1) se deve avere luogo contro donna incinta;

2) se deve avere luogo contro donna che ha partorito da meno di sei mesi;

3) se deve aver luogo nei confronti di persona affetta da AIDS conclamata o da grave deficienza immunitaria accertate ai sensi dell'articolo 286 bis, comma 2, del codice di procedura penale, ovvero da altra malattia particolarmente grave per effetto della quale le sue condizioni di salute risultano incompatibili con lo stato di detenzione, quando la persona si trova in una fase della malattia così avanzata da non rispondere più secondo le certificazioni del servizio sanitario penitenziario o esterno, ai trattamenti disponibili e alle terapie curative.

Nel caso preveduto dal n. 2 il provvedimento è revocato, qualora il figlio muoia o sia affidato a persona diversa dalla madre, e il parto sia avvenuto da oltre due mesi.".

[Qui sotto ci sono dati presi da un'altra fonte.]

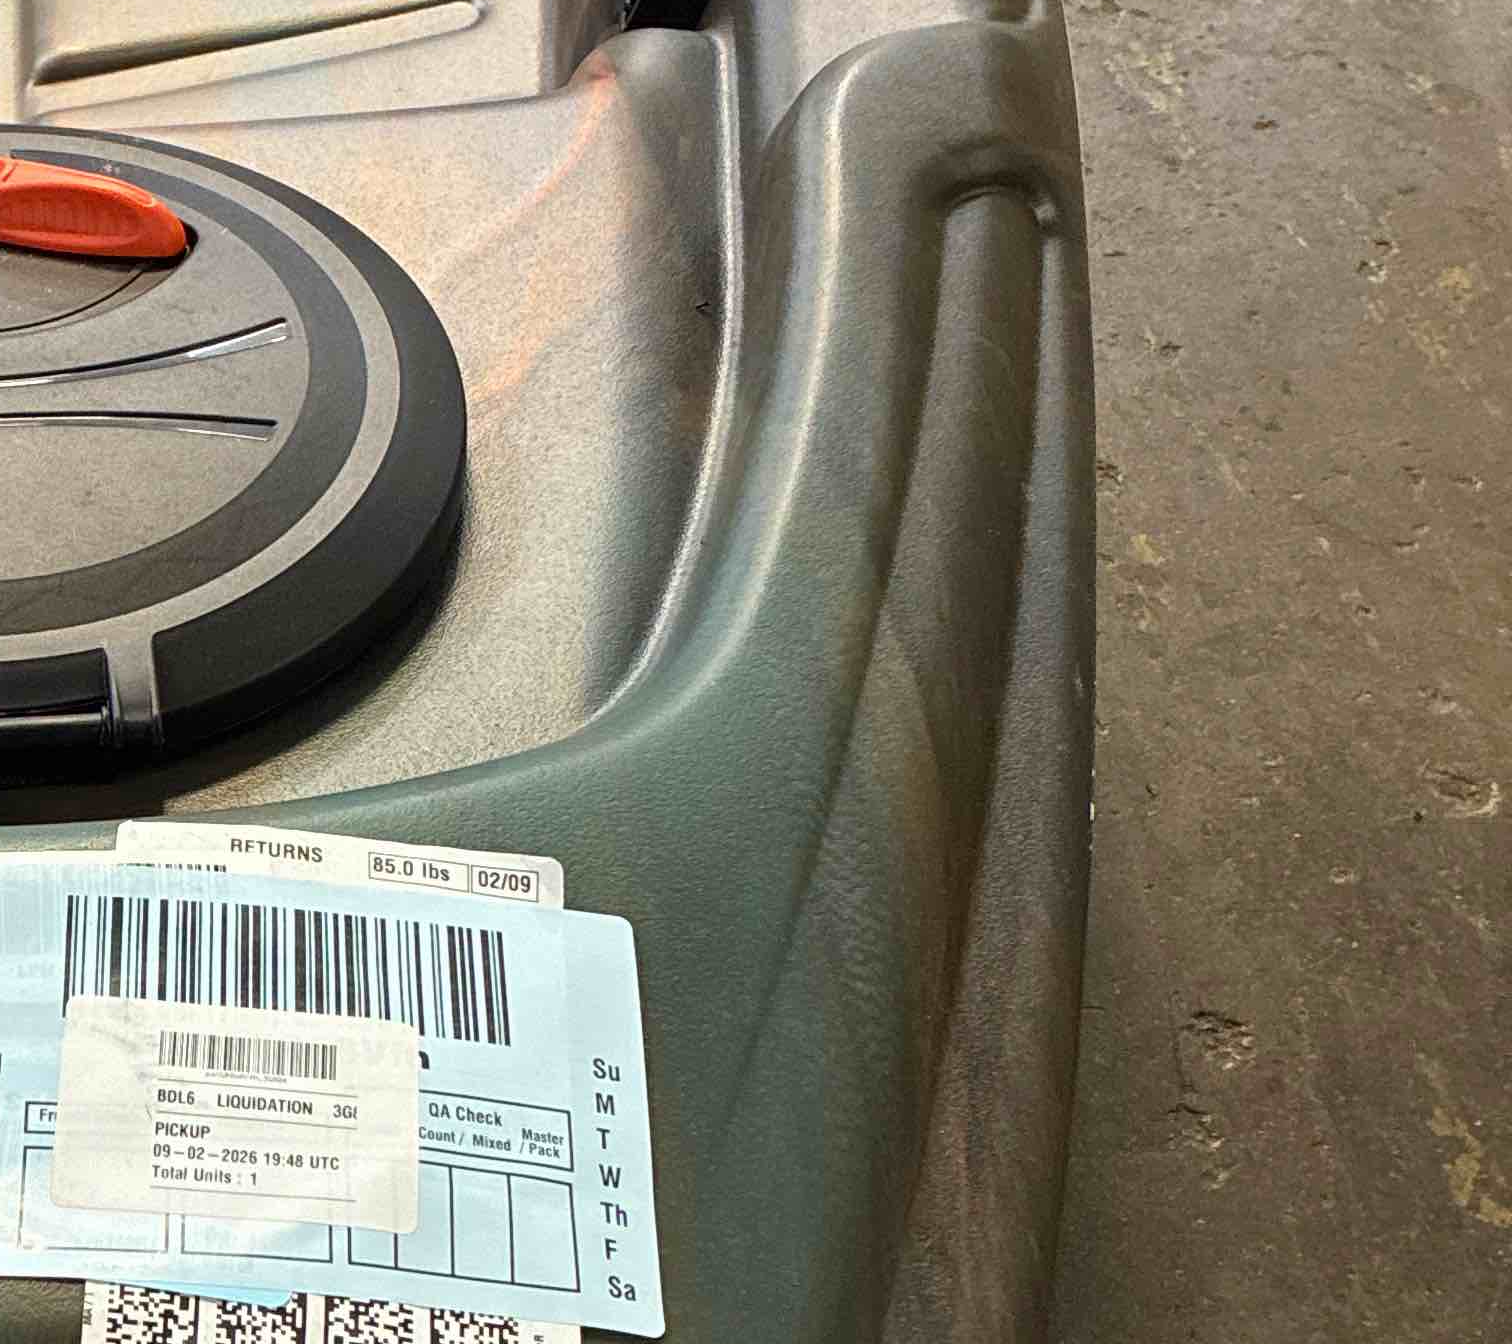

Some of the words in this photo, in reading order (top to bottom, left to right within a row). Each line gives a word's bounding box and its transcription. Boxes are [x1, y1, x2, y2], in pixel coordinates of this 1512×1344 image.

[230, 838, 323, 863] RETURNS
[373, 856, 414, 876] 85.0
[422, 861, 451, 882] lbs
[477, 870, 532, 894] 02/09
[592, 1058, 621, 1082] Su
[157, 1088, 195, 1105] BDL6
[217, 1093, 313, 1115] LIQUIDATION
[595, 1092, 616, 1116] M
[40, 1108, 58, 1123] Fr
[428, 1102, 451, 1120] QA
[455, 1105, 503, 1127] Check
[154, 1121, 211, 1139] PICKUP
[521, 1128, 565, 1146] Master
[595, 1128, 611, 1150] T
[472, 1134, 511, 1152] Mixed
[528, 1143, 561, 1159] Pack
[263, 1152, 304, 1168] 19:48
[309, 1155, 341, 1170] UTC
[152, 1164, 188, 1181] Total
[193, 1167, 232, 1184] Units
[250, 1172, 258, 1186] 1
[598, 1163, 621, 1189] W
[599, 1202, 628, 1227] Th
[604, 1238, 617, 1260] F
[607, 1275, 637, 1301] Sa

(2) La parola “potestà” è stata sostituita dalle parole “responsabilità genitoriale” dall'art. 93, D.Lgs. 28.12.2013, n. 154 con decorrenza dal 07.02.2014.

(3) La denominazione del Titolo Quinto sotto cui è rubricato il presente articolo è stata così modificata dall'art. 1, D.Lgs. 16.03. 2015, n. 28 con decorrenza dal 02.04.2015. Si riporta di seguito il testo previgente:

“Della modificazione, applicazione ed esecuzione della pena”.